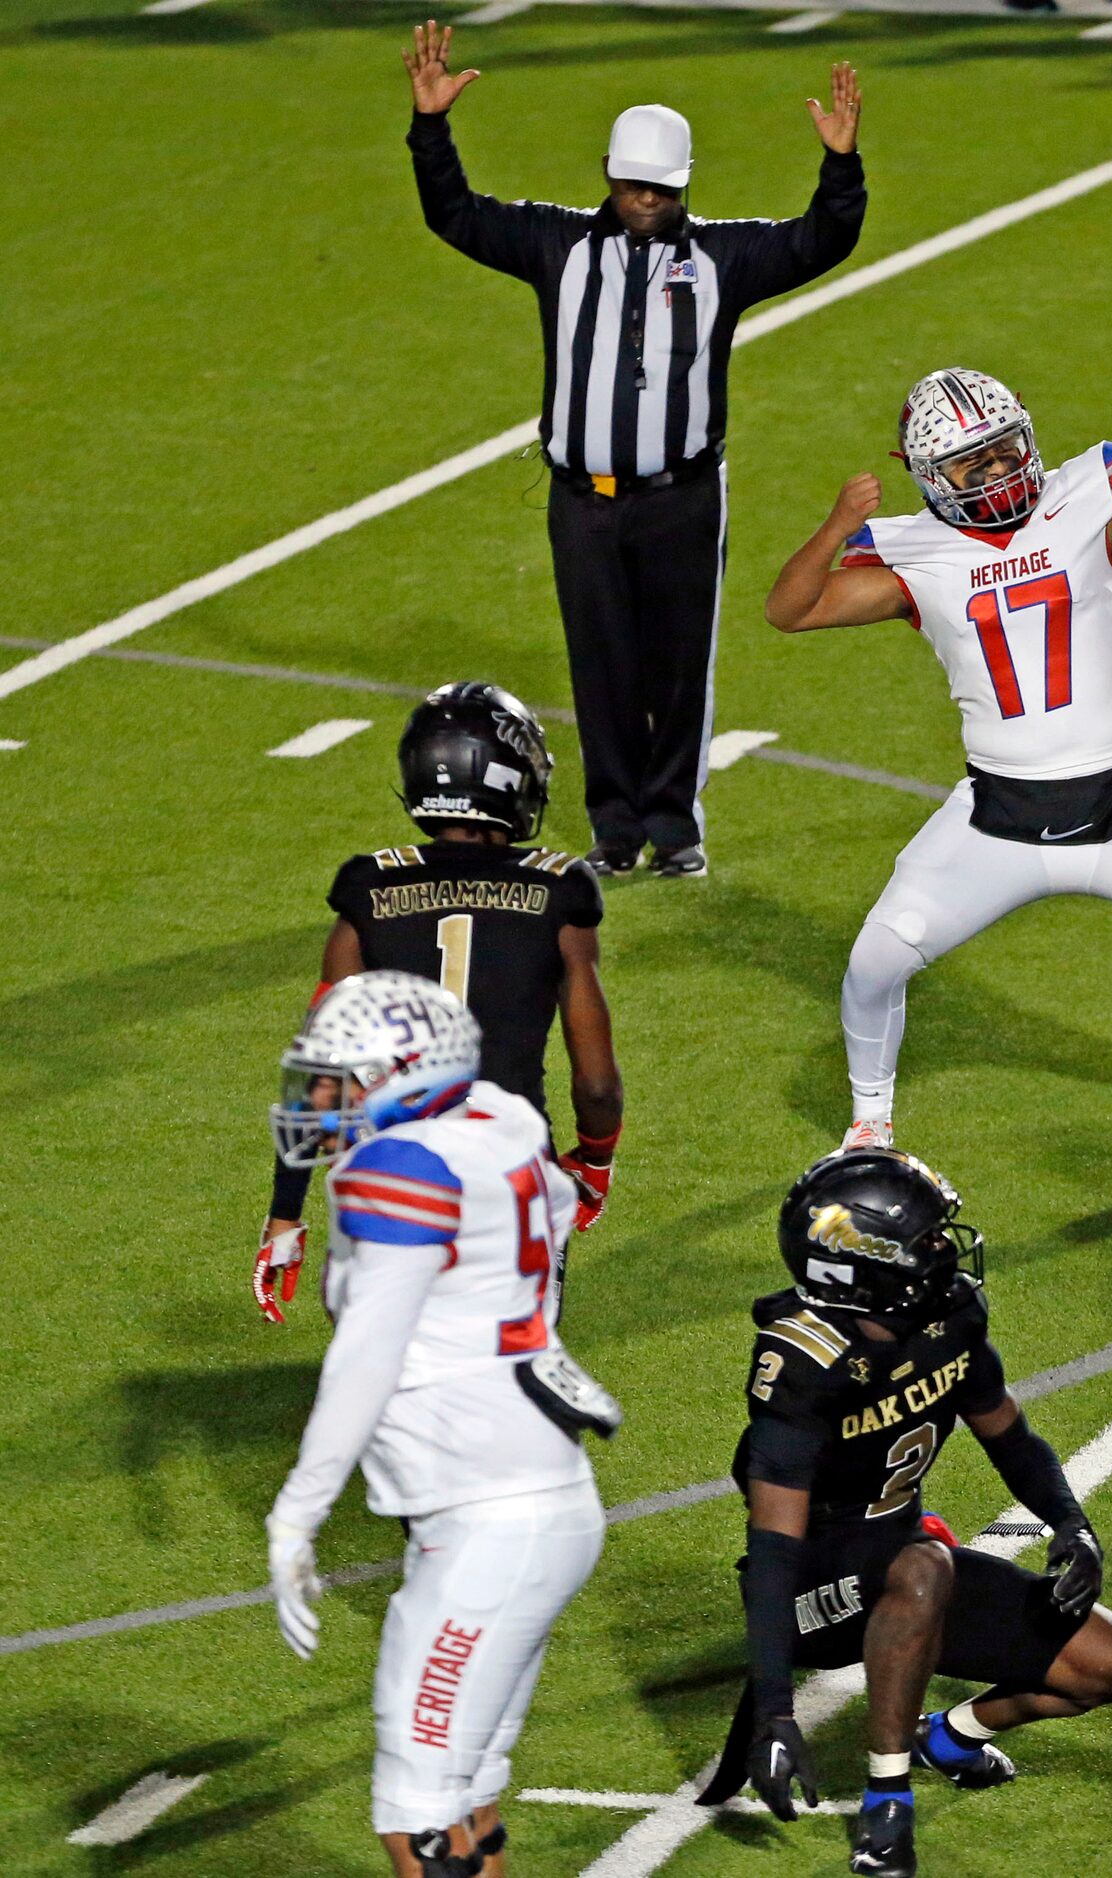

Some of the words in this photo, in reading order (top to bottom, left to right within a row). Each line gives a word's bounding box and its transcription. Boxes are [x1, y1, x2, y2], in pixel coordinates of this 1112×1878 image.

[971, 548, 1052, 588] HERITAGE
[966, 570, 1072, 720] 17
[422, 794, 471, 811] schutt
[370, 880, 549, 919] MUHAMMAD
[436, 914, 473, 1009] 1
[382, 1000, 436, 1046] 54
[751, 1351, 784, 1401] 2
[842, 1395, 903, 1439] OAK
[904, 1350, 970, 1413] CLIFF
[865, 1422, 937, 1519] 2
[411, 1618, 483, 1749] HERITAGE
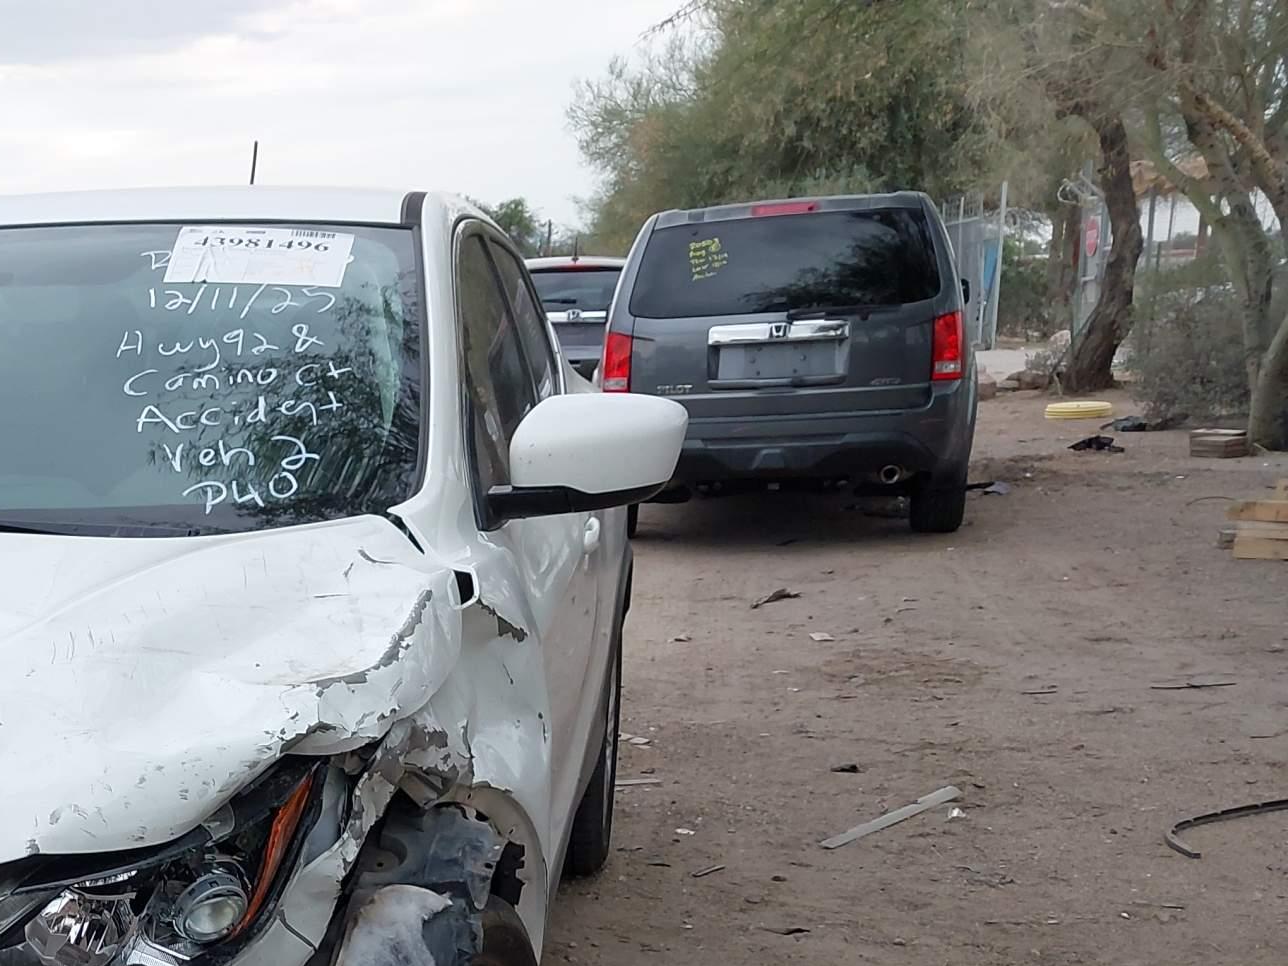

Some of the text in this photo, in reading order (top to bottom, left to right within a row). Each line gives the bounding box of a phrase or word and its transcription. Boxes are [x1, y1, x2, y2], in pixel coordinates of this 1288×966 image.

[193, 235, 330, 252] 43981496
[148, 283, 337, 319] 12/11/25
[291, 323, 326, 353] &
[122, 367, 278, 396] Camino
[270, 435, 321, 470] 2
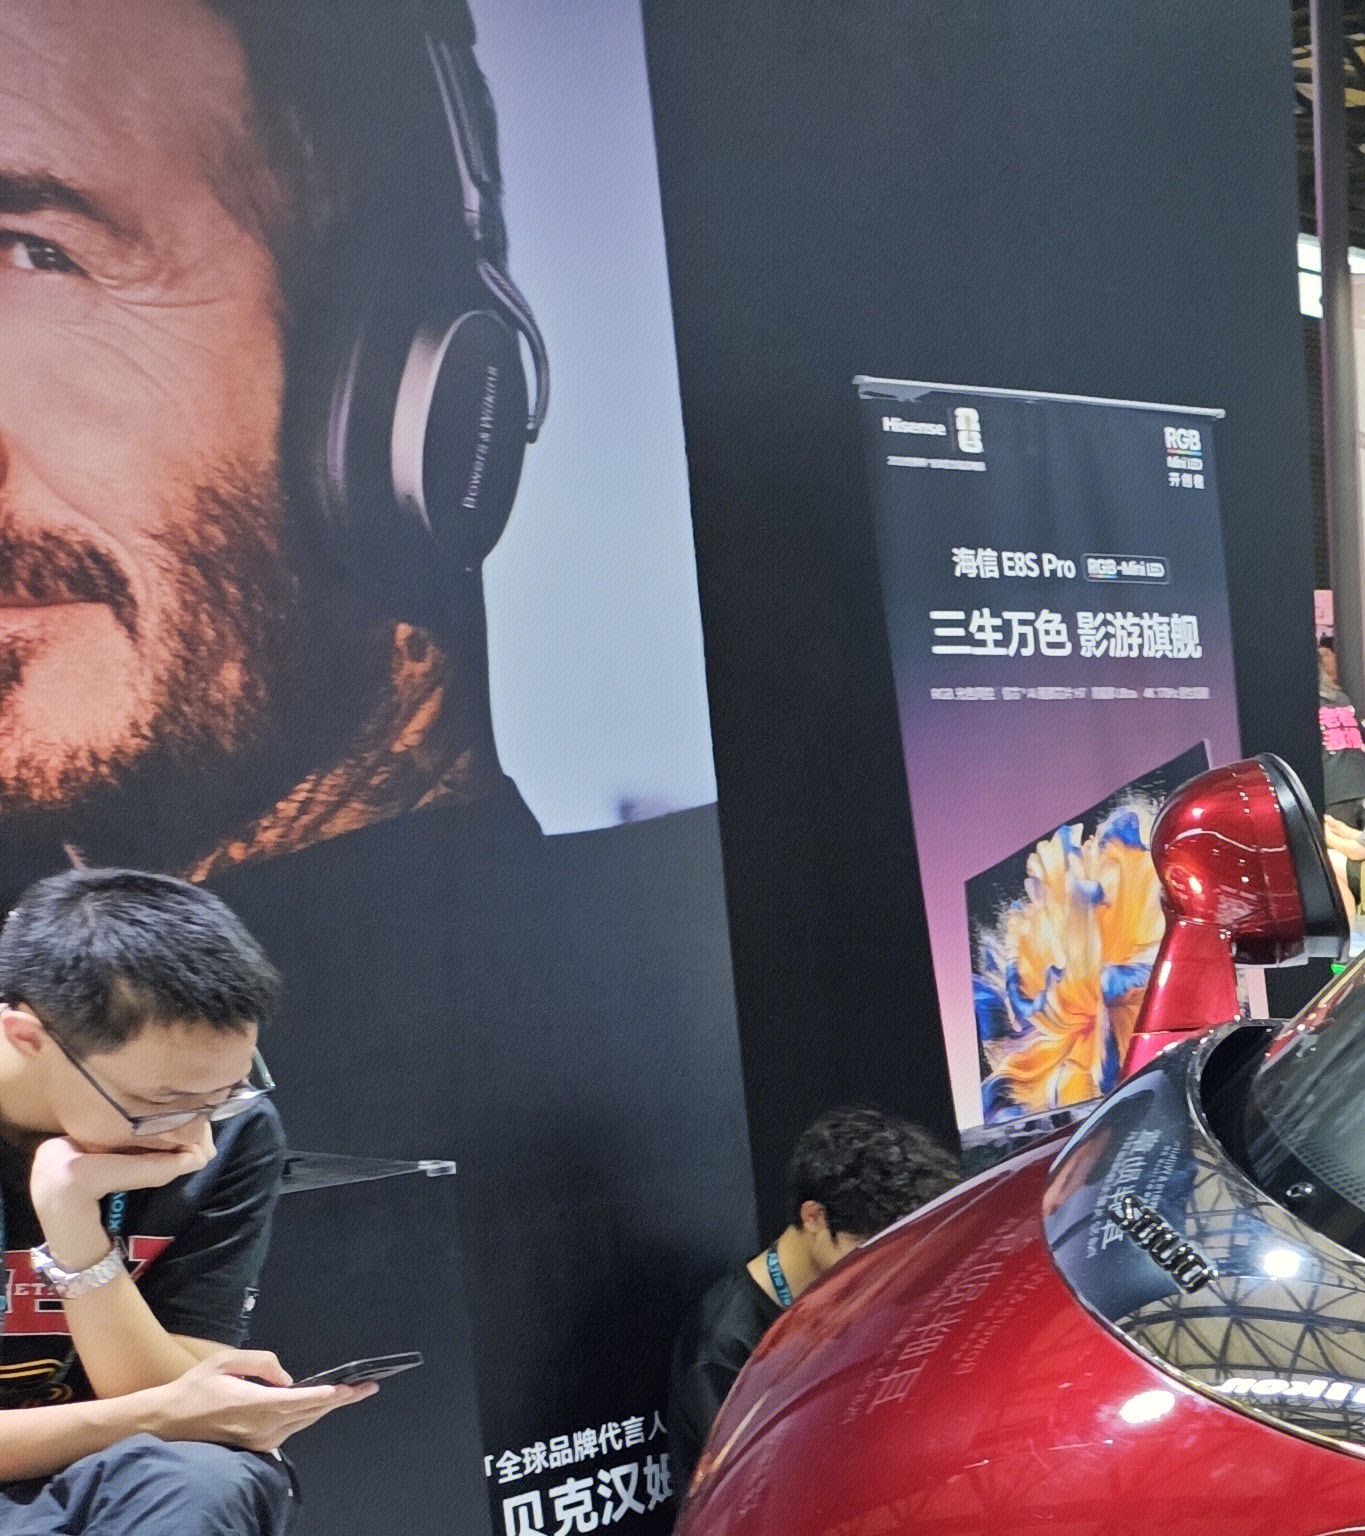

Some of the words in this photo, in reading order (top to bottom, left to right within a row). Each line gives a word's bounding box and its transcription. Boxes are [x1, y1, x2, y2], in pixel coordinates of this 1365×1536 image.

[1164, 427, 1202, 450] RGB
[952, 547, 1000, 579] 海信
[1002, 552, 1039, 577] E8S
[1042, 553, 1076, 579] Pro
[929, 608, 1073, 657] 三生万色
[1076, 611, 1203, 659] 影游旗舰

....

PROMPT: Output every entry verbatim but skip the pictures.

WRITTEN RESPONSE:
Some of the words in this photo, in reading order (top to bottom, left to right within a row). Each line gives a word's bounding box and its transcription. Boxes are [x1, y1, x2, y2], in pixel coordinates of this 1112×1878 image.

[971, 548, 1052, 588] HERITAGE
[966, 570, 1072, 720] 17
[422, 794, 471, 811] schutt
[370, 880, 549, 919] MUHAMMAD
[436, 914, 473, 1009] 1
[382, 1000, 436, 1046] 54
[751, 1351, 784, 1401] 2
[842, 1395, 903, 1439] OAK
[904, 1350, 970, 1413] CLIFF
[865, 1422, 937, 1519] 2
[411, 1618, 483, 1749] HERITAGE

Some of the text in this photo, in reading order (top to bottom, left to right within a row). Each line gives the bounding box of a phrase or word and its transcription. Boxes are [x1, y1, x2, y2], in pixel coordinates of this 1288×966 image.

[193, 235, 330, 252] 43981496
[148, 283, 337, 319] 12/11/25
[291, 323, 326, 353] &
[122, 367, 278, 396] Camino
[270, 435, 321, 470] 2

Some of the words in this photo, in reading order (top to bottom, left to right within a row). Each line gives a word's bounding box and its transcription. Boxes are [x1, y1, x2, y2], in pixel coordinates of this 1365×1536 image.

[1164, 427, 1202, 450] RGB
[952, 547, 1000, 579] 海信
[1002, 552, 1039, 577] E8S
[1042, 553, 1076, 579] Pro
[929, 608, 1073, 657] 三生万色
[1076, 611, 1203, 659] 影游旗舰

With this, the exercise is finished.